Rising inflation may have squeezed older adults’ budgets, but it has been welcome news for savers who have dealt with more than a decade of near-zero returns. “Right now, with higher interest rates, savers are getting rewarded,” says Sarah House, a senior economist at Wells Fargo. “It’s a very different environment than five to 10 years ago.” 

While the national average savings account rate was just under 0.6 percent on Oct. 21, according to Bankrate’s most recent survey, there are still savings accounts that yield 5 percent or more. But you may not want to wait too long to lock in those rates. If the Fed continues to cut interest rates, you’ll likely see a negative impact on savings account rates.

New and used car prices are falling but …

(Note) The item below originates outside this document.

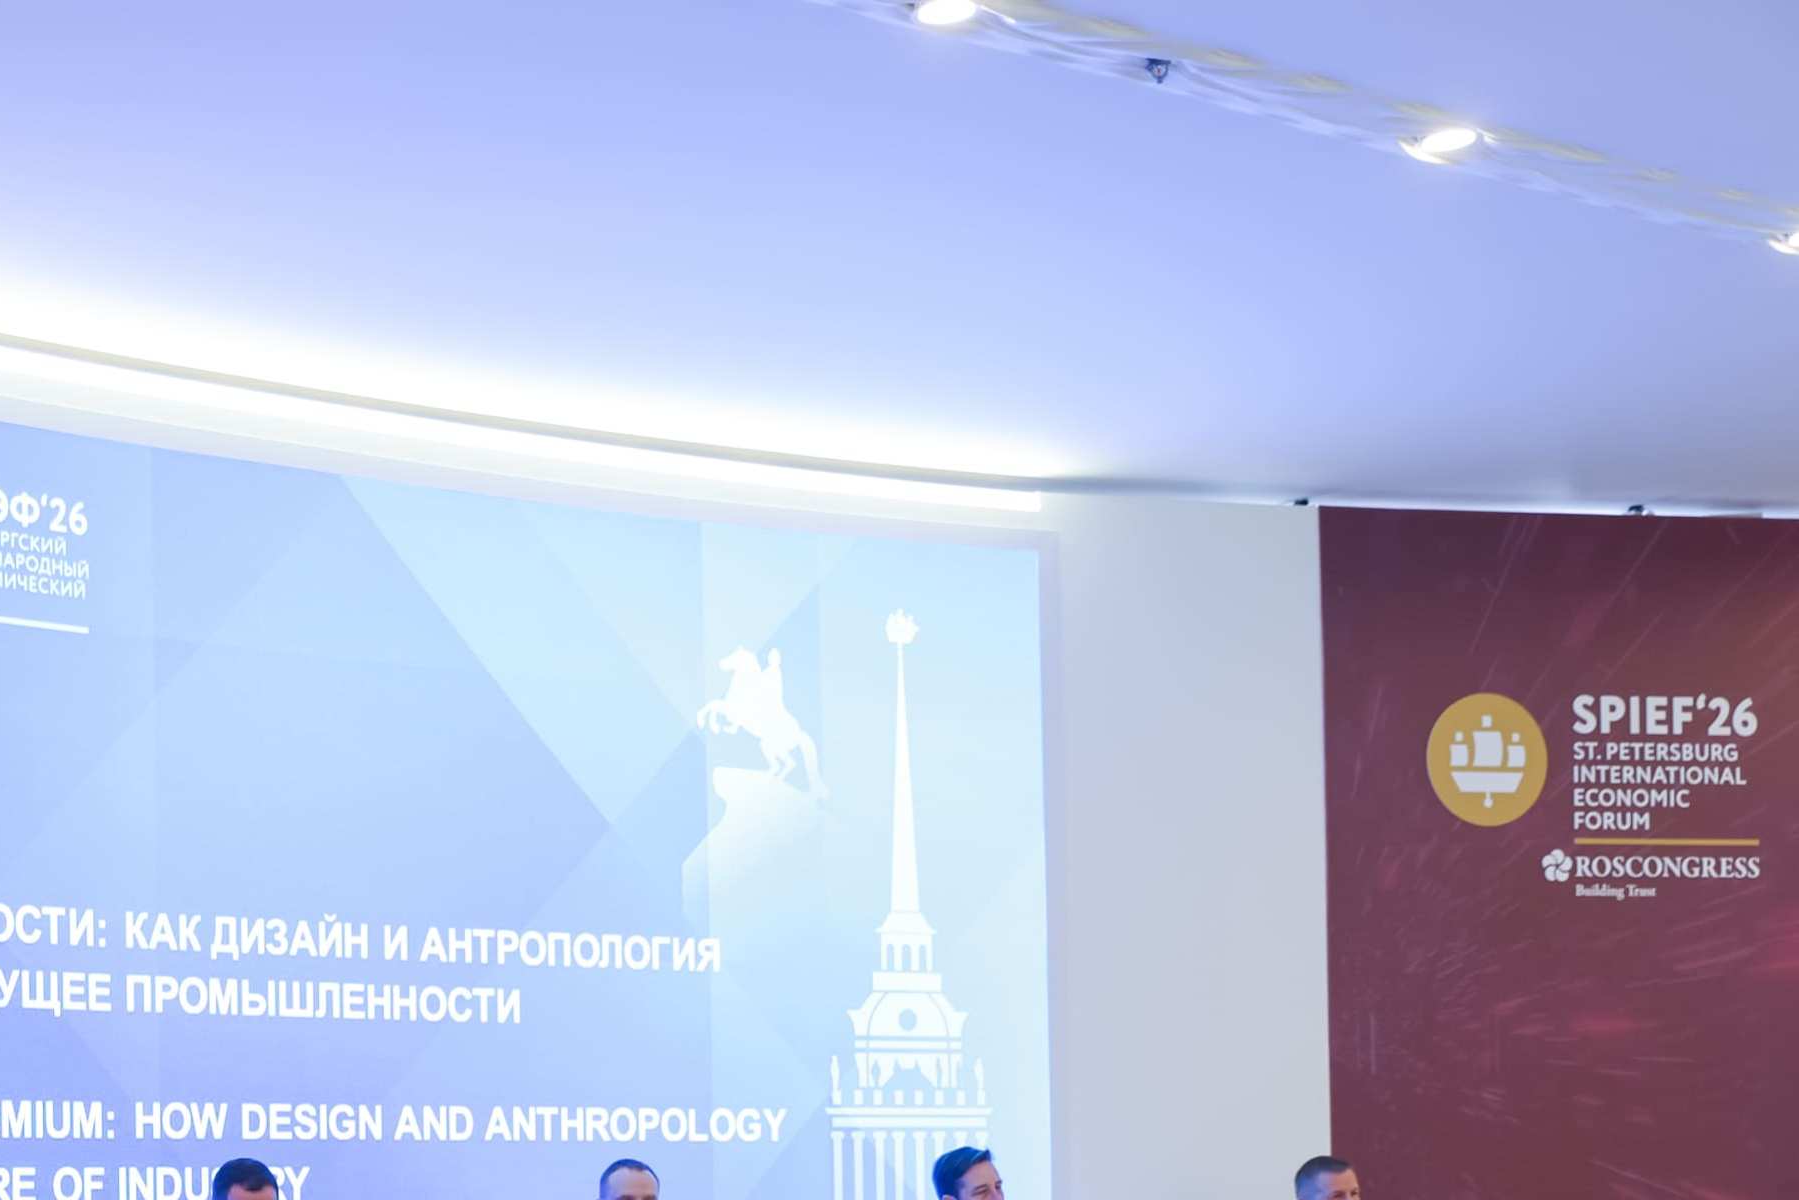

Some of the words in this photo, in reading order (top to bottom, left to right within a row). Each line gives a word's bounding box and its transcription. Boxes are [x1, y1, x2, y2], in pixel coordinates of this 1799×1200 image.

Pandemic-era supply chain issues have been worked out and auto showrooms are well-stocked with inventory, which is why prices for new and used cars have been declining. The September CPI data shows new vehicles cost 1.3 percent less than they did a year earlier, and used cars and trucks are 5.1 percent cheaper. 

But you wouldn’t know it if you recently financed a vehicle purchase. With the average interest rate for a 4-year car loan at 7.4 percent for a new vehicle and 8.2 percent for a used car in late October, according to Bankrate, the total cost of car ownership remains elevated. 

“Financing is not included in the CPI calculator of vehicles,” House says. “You don’t get the all-in cost, and that plays into the disconnect. It’s still very expensive to purchase a vehicle when you factor in financing costs.” 

Not to mention, car insurance is getting more expensive, with rates jumping an eye-popping 16.3 percent year over year in September.